» **WORK TO BE COMPLETED**: Copy everything in the listing below word for word, apart from any images.
▼
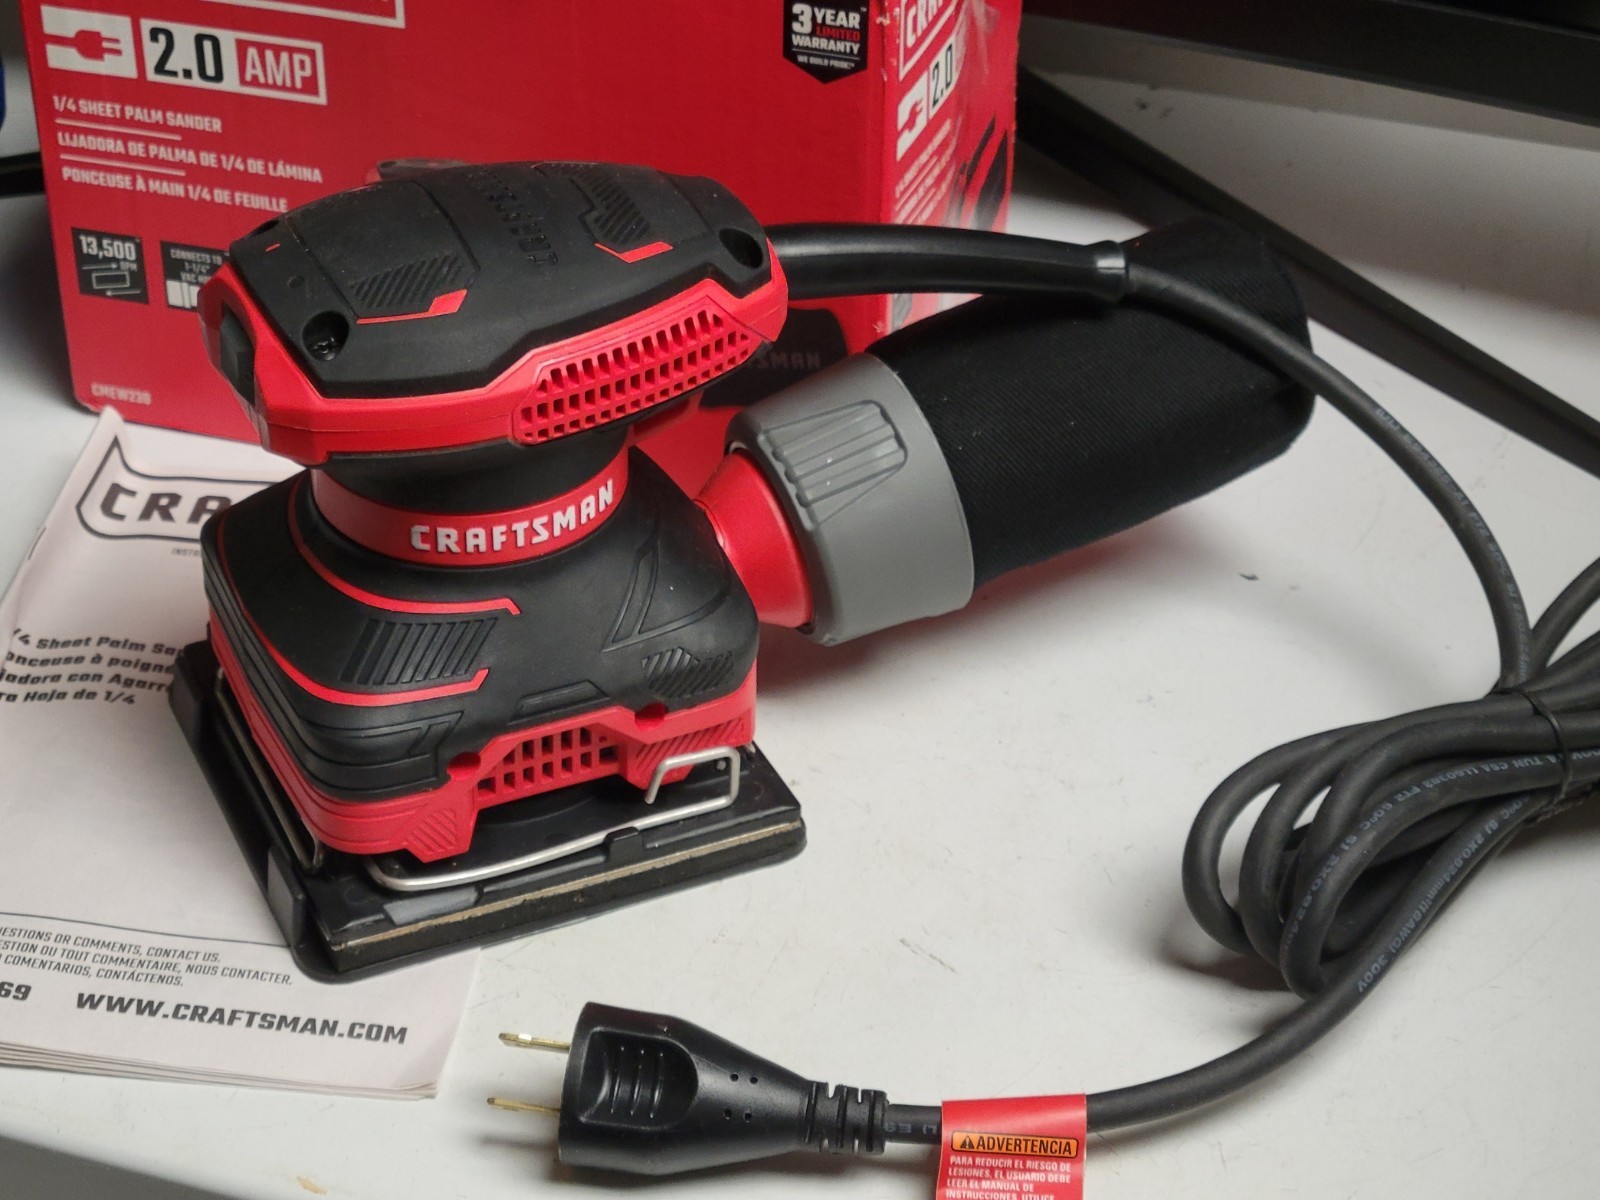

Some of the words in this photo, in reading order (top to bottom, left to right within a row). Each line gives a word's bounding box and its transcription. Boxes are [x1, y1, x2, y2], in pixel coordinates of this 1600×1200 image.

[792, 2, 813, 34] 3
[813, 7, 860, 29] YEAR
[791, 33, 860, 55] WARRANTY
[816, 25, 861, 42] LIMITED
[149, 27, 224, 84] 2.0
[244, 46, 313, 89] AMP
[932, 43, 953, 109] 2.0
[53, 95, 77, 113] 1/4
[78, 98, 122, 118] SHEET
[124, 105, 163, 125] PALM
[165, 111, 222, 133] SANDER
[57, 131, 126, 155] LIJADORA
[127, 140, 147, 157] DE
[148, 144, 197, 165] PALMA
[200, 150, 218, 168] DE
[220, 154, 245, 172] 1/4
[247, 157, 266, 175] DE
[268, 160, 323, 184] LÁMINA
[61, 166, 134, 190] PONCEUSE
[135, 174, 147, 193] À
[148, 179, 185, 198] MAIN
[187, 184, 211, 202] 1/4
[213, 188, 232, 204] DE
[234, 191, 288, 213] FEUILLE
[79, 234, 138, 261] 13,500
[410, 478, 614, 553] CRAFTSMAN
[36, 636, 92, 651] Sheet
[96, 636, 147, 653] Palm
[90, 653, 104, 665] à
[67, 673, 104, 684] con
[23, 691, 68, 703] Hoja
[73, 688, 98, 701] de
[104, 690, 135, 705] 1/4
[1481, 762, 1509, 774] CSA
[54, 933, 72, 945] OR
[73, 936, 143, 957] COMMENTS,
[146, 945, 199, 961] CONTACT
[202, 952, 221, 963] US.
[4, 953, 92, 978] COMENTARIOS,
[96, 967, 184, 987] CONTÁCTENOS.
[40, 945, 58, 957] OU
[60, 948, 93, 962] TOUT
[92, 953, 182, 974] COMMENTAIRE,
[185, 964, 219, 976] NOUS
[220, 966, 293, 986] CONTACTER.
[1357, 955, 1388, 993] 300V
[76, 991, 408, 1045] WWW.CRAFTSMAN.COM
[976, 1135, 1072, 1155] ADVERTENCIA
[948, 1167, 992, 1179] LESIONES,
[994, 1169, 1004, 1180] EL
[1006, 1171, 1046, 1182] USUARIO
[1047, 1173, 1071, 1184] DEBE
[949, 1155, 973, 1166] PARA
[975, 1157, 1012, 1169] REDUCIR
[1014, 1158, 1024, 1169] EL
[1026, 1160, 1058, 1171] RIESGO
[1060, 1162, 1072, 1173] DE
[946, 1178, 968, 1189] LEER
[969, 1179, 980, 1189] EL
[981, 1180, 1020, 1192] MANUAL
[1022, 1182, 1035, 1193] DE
▲
» **RESULT FOR THIS TASK**:
Some of the words in this photo, in reading order (top to bottom, left to right within a row). Each line gives a word's bounding box and its transcription. Boxes are [x1, y1, x2, y2], in pixel coordinates of this 1600×1200 image.

[792, 2, 813, 34] 3
[813, 7, 860, 29] YEAR
[791, 33, 860, 55] WARRANTY
[816, 25, 861, 42] LIMITED
[149, 27, 224, 84] 2.0
[244, 46, 313, 89] AMP
[932, 43, 953, 109] 2.0
[53, 95, 77, 113] 1/4
[78, 98, 122, 118] SHEET
[124, 105, 163, 125] PALM
[165, 111, 222, 133] SANDER
[57, 131, 126, 155] LIJADORA
[127, 140, 147, 157] DE
[148, 144, 197, 165] PALMA
[200, 150, 218, 168] DE
[220, 154, 245, 172] 1/4
[247, 157, 266, 175] DE
[268, 160, 323, 184] LÁMINA
[61, 166, 134, 190] PONCEUSE
[135, 174, 147, 193] À
[148, 179, 185, 198] MAIN
[187, 184, 211, 202] 1/4
[213, 188, 232, 204] DE
[234, 191, 288, 213] FEUILLE
[79, 234, 138, 261] 13,500
[410, 478, 614, 553] CRAFTSMAN
[36, 636, 92, 651] Sheet
[96, 636, 147, 653] Palm
[90, 653, 104, 665] à
[67, 673, 104, 684] con
[23, 691, 68, 703] Hoja
[73, 688, 98, 701] de
[104, 690, 135, 705] 1/4
[1481, 762, 1509, 774] CSA
[54, 933, 72, 945] OR
[73, 936, 143, 957] COMMENTS,
[146, 945, 199, 961] CONTACT
[202, 952, 221, 963] US.
[4, 953, 92, 978] COMENTARIOS,
[96, 967, 184, 987] CONTÁCTENOS.
[40, 945, 58, 957] OU
[60, 948, 93, 962] TOUT
[92, 953, 182, 974] COMMENTAIRE,
[185, 964, 219, 976] NOUS
[220, 966, 293, 986] CONTACTER.
[1357, 955, 1388, 993] 300V
[76, 991, 408, 1045] WWW.CRAFTSMAN.COM
[976, 1135, 1072, 1155] ADVERTENCIA
[948, 1167, 992, 1179] LESIONES,
[994, 1169, 1004, 1180] EL
[1006, 1171, 1046, 1182] USUARIO
[1047, 1173, 1071, 1184] DEBE
[949, 1155, 973, 1166] PARA
[975, 1157, 1012, 1169] REDUCIR
[1014, 1158, 1024, 1169] EL
[1026, 1160, 1058, 1171] RIESGO
[1060, 1162, 1072, 1173] DE
[946, 1178, 968, 1189] LEER
[969, 1179, 980, 1189] EL
[981, 1180, 1020, 1192] MANUAL
[1022, 1182, 1035, 1193] DE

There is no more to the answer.